Behavioral neuroscientists (as they were then known), often white-coated, spent much of their time in operating rooms and laboratories, where, among other things, they surgically destroyed specific portions of animals’ brains to learn what aspects of behavior those parts control; they interviewed and tested people who had suffered brain damage; they measured and recorded the spikes of activity of single neurons and the overall patterns of brain excitation (“brain waves”) during various mental activities; they administered drugs that increase or decrease the production of particular neurotransmitters to determine what functions these perform; and they did chemical analyses of the brain tissue of laboratory animals and human cadavers to see what neurotransmitters were in either short supply or excess in individuals whose behavior is abnormal in some respect.

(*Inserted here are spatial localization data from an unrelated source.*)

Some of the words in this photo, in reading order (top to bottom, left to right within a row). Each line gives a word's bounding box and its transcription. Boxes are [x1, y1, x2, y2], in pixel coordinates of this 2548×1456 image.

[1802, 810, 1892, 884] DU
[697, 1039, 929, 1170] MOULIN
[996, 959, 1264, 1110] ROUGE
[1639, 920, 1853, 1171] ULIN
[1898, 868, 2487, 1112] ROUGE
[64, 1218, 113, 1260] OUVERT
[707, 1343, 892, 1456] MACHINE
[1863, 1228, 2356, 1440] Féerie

A good deal of their work, as we have already seen, involved testing patients with cerebral damage (most often strokes), pinpointing the affected brain area and identifying it as the cause of the patient’s diminished or lost perceptual and mental abilities. But much other neuroscientific research, though arguably valuable, had its comical overtones. One investigator implanted sixteen microelectrodes into the muscles of a male grasshopper in order to record the electrical impulses of its neurons during courtship. Others inserted microelectrodes into the left front leg of a cockroach and the foot of a snail to measure the neural
impulses that produce movement toward some goal; the investigators regarded this as research on “motivated behavior.”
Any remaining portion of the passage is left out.